Wednesday, January 21, 2009

AARP Still Vying to Reduce Reverse Mortgage Costs

By Jerry Smith

On November 6 of 2008 reverse mortgage lenders could begin closing reverse mortgages with two important changes:

The one most people were concerned about was FHA increasing its its national loan limits up to four hundred seventeen thousand dollars. The other, less known change, was a reduction in lender fees.

Here is how it works; the origination fee is two percent of the value of the home up to $200,000. For values above 200k and up to 417k the fee increases by 1%.

To give you a scenario we'll assume the home is worth $350,000. The fee for the initial $200k is $4,000. Add in an extra $1,500 for the value between 200 to 350 and you arrive at a total fee of $5,500.

A 2% across the board origination fee was the order of the day prior to the the new law.

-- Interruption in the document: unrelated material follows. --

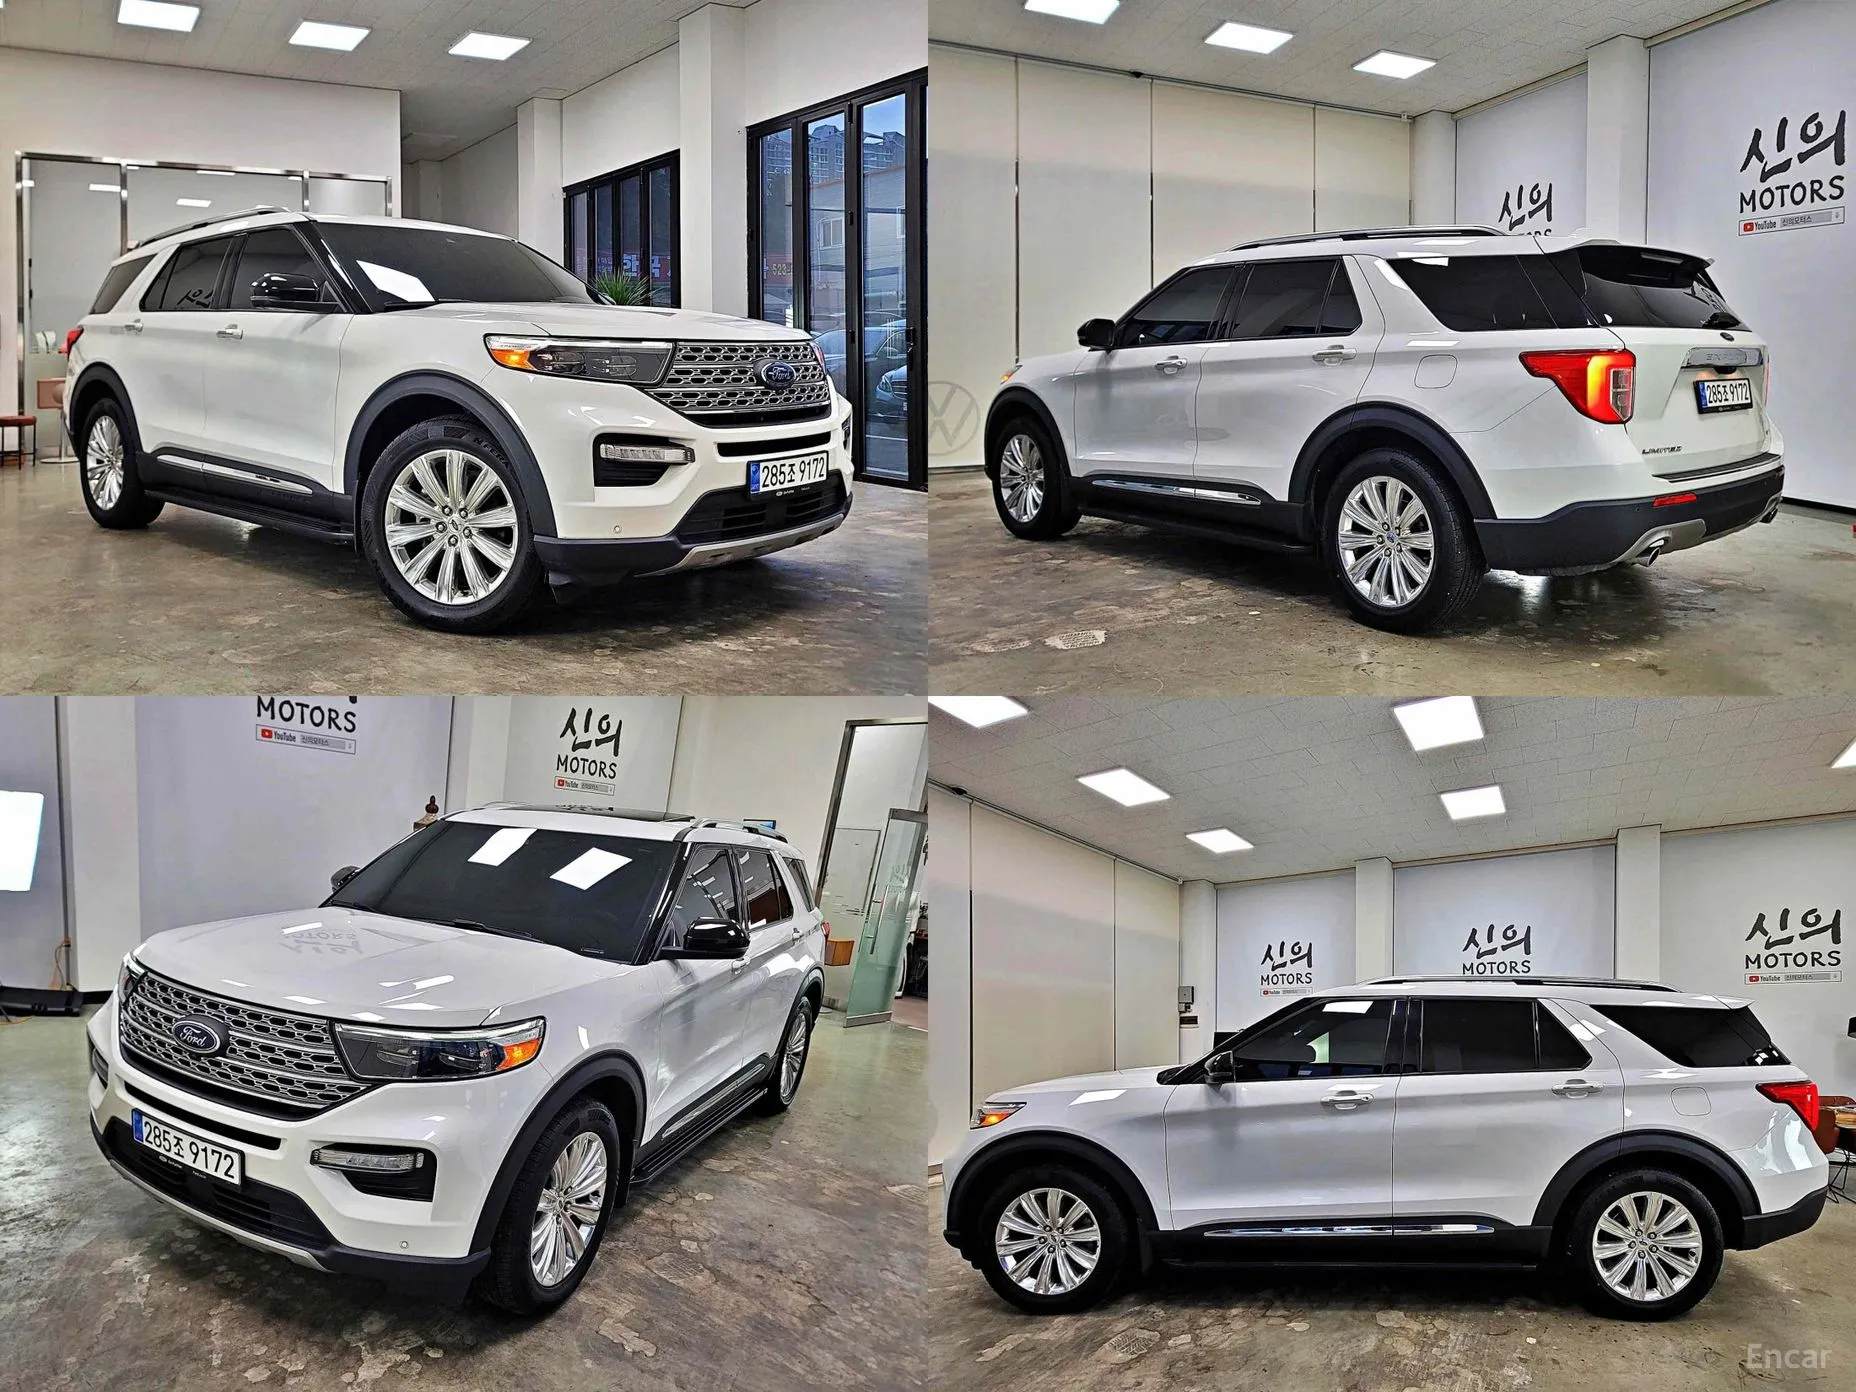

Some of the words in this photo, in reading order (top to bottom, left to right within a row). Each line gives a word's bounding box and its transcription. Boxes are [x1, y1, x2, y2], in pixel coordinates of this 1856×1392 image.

The question is what would AARP like to do here? Can a lender charge less and still stay in business. Lenders are not non-profits.

Origination fees are how lenders make money. Don't forget you have to pay all your expenses prior to actually going home at the end of the month with any money in your wallet.

Additionally, these fees are not more than typical forward mortgages. They appear to be more to the layman.

People see a forward mortgage and say, "Hey, you reverse guys sometimes charge twice that". The reason is forward mortgages build in the difference into the interest rate in what is known as a service release premium.

Although reverse mortgages have SRPs they are very small, which is why the higher origination fee must be charged.

Is it possible that AARP is just putting on a good face to keep up appearances for their senior contituency?

There may be some hypocracy going on. I wonder if they gouge their insurance company's in same manner they wish to gouge reverse mortgage companies.

Oh, don't think so. Insurance commission is the number one money maker for AARP. It's a money train.